TASK DIRECTIONS: Repeat the listing that follows, character for character, minus the pictures.

DATASET RECORDS:
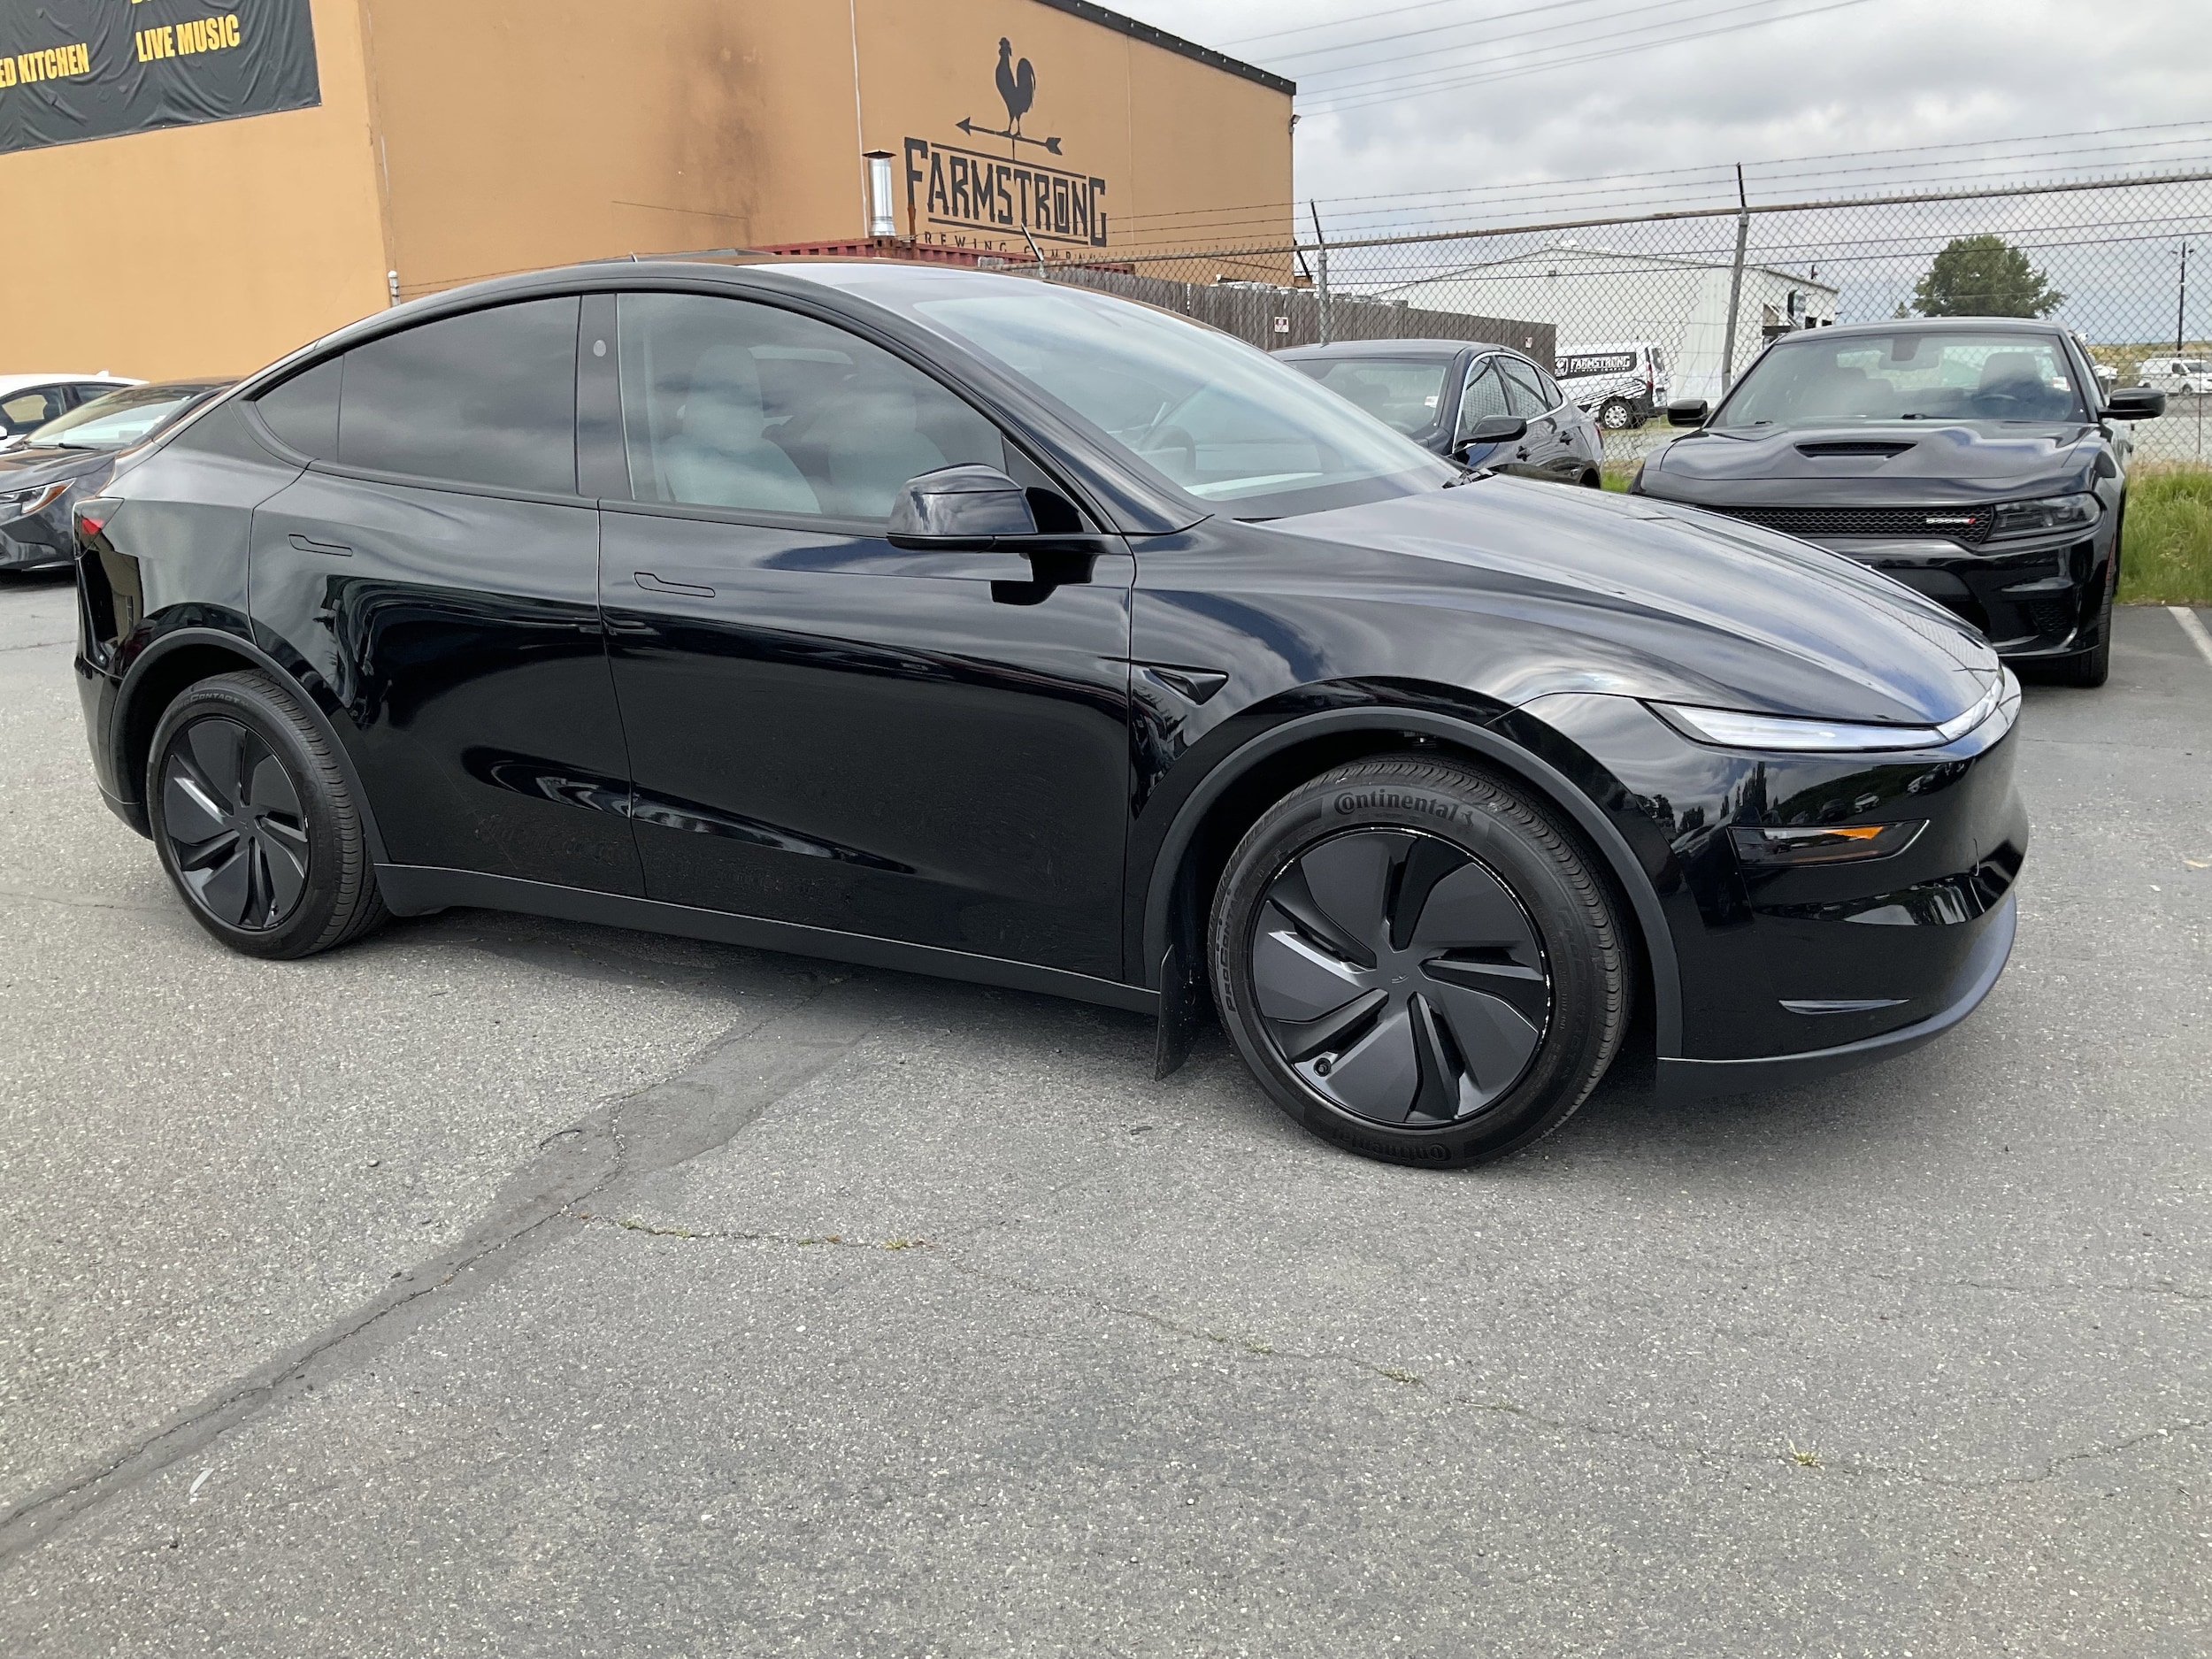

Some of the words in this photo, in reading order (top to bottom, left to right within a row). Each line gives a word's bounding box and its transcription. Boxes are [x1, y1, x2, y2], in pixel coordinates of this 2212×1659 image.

[135, 26, 175, 62] LIVE
[176, 14, 240, 55] MUSIC
[18, 42, 89, 83] KITCHEN
[904, 137, 1106, 247] FARMSTRONG
[924, 231, 1007, 252] REWING
[1571, 356, 1630, 369] FARMSTRONG
[1334, 788, 1459, 822] Continental
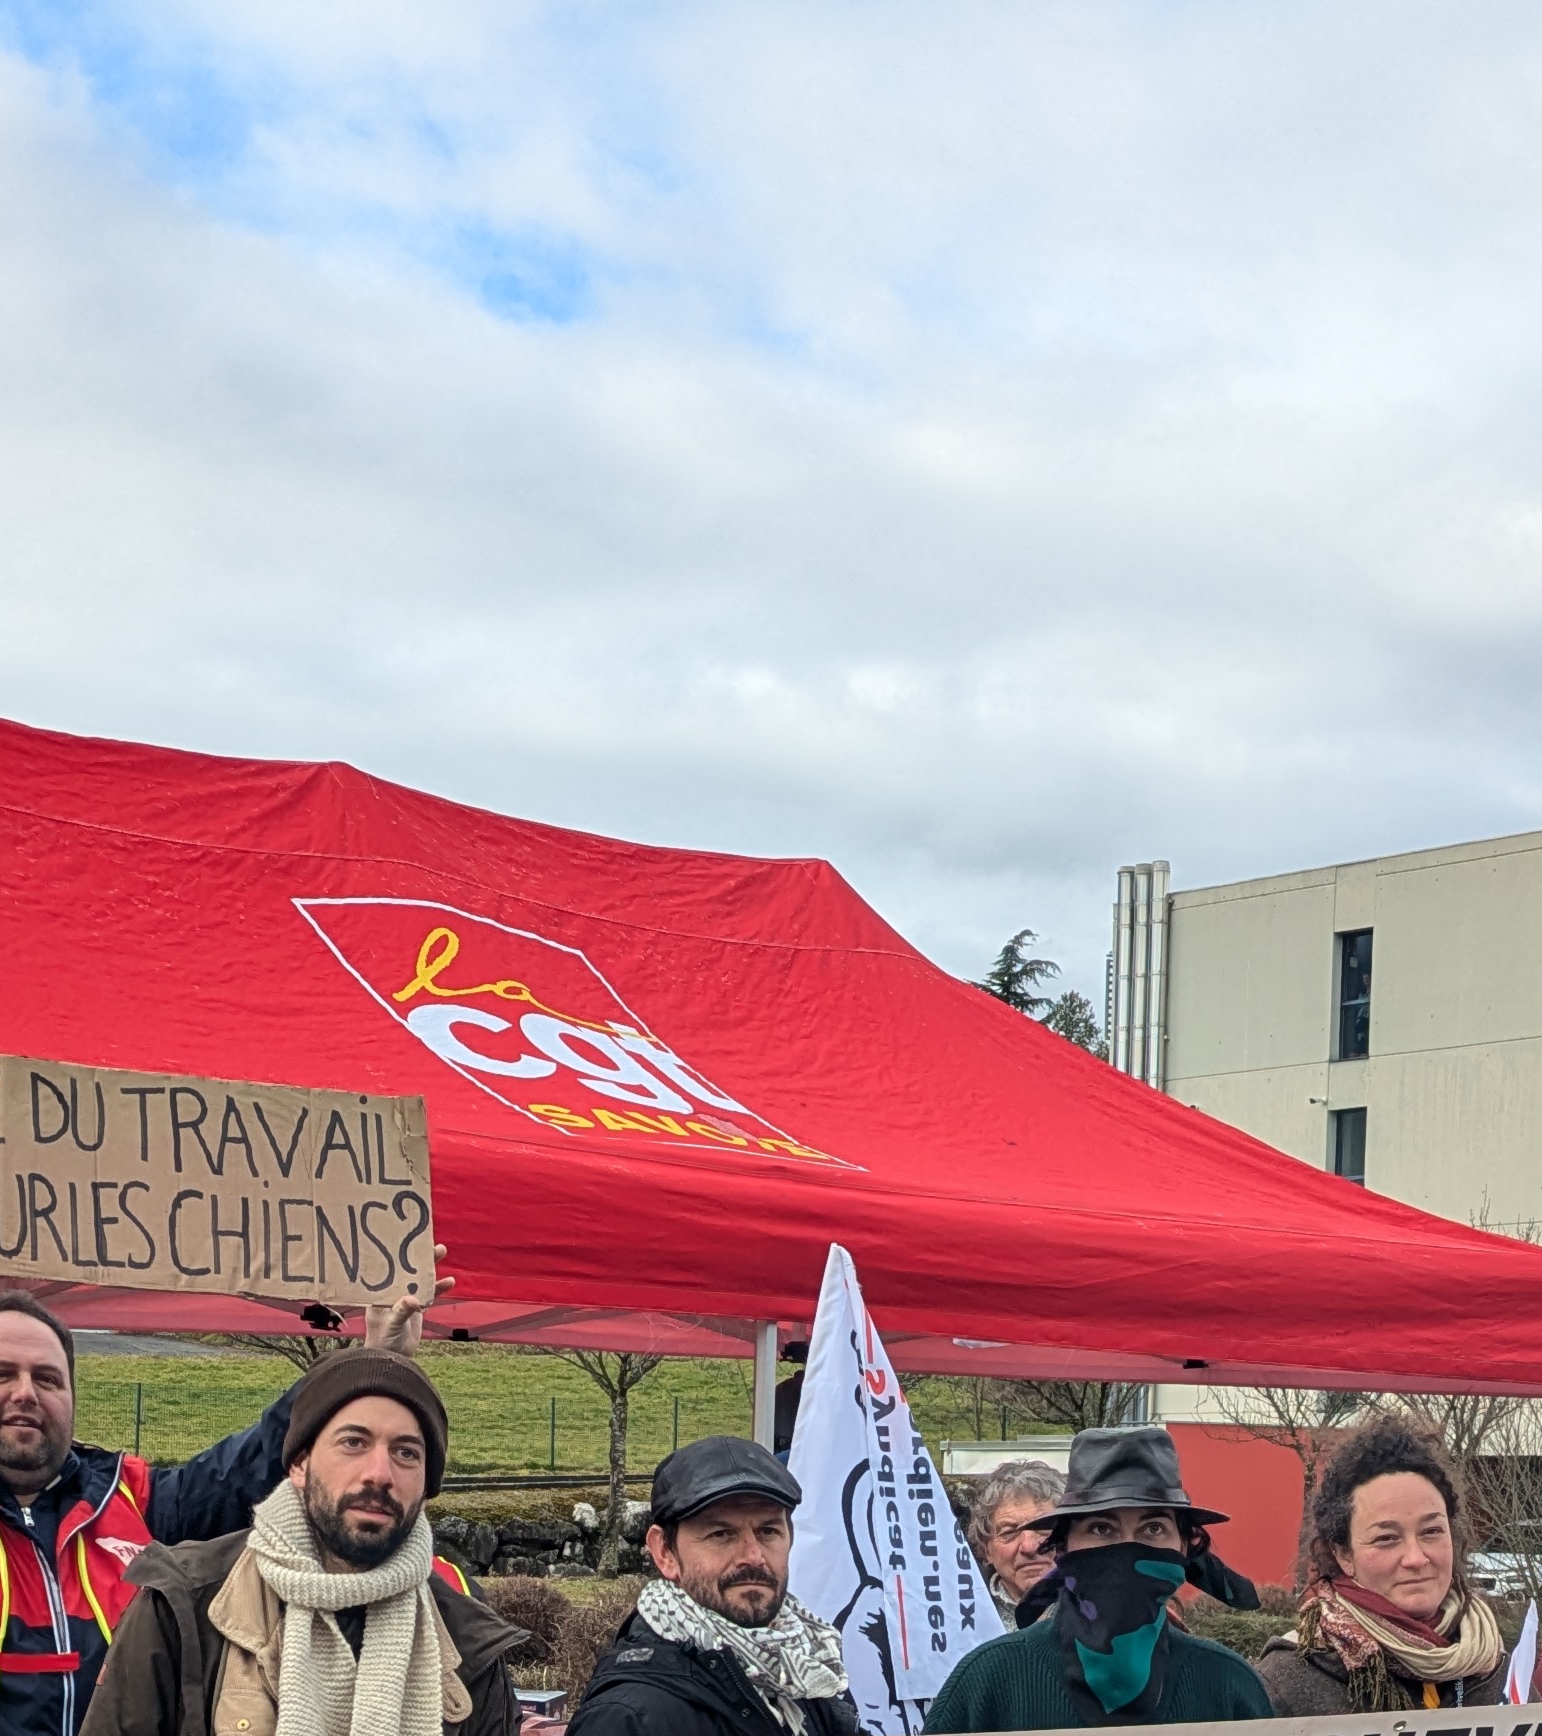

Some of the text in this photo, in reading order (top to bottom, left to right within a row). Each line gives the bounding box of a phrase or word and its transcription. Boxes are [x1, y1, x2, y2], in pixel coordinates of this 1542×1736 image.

[32, 1071, 104, 1151] DU
[121, 1086, 413, 1186] TRAVAIL
[69, 1180, 156, 1269] LES

PROBLEM SOLUTION:
Some of the words in this photo, in reading order (top to bottom, left to right within a row). Each line gives a word's bounding box and its transcription. Boxes are [x1, y1, x2, y2], in pixel coordinates of this 2212×1659 image.

[135, 26, 175, 62] LIVE
[176, 14, 240, 55] MUSIC
[18, 42, 89, 83] KITCHEN
[904, 137, 1106, 247] FARMSTRONG
[924, 231, 1007, 252] REWING
[1571, 356, 1630, 369] FARMSTRONG
[1334, 788, 1459, 822] Continental

Some of the text in this photo, in reading order (top to bottom, left to right within a row). Each line gives the bounding box of a phrase or word and its transcription. Boxes are [x1, y1, x2, y2], in pixel coordinates of this 1542×1736 image.

[32, 1071, 104, 1151] DU
[121, 1086, 413, 1186] TRAVAIL
[69, 1180, 156, 1269] LES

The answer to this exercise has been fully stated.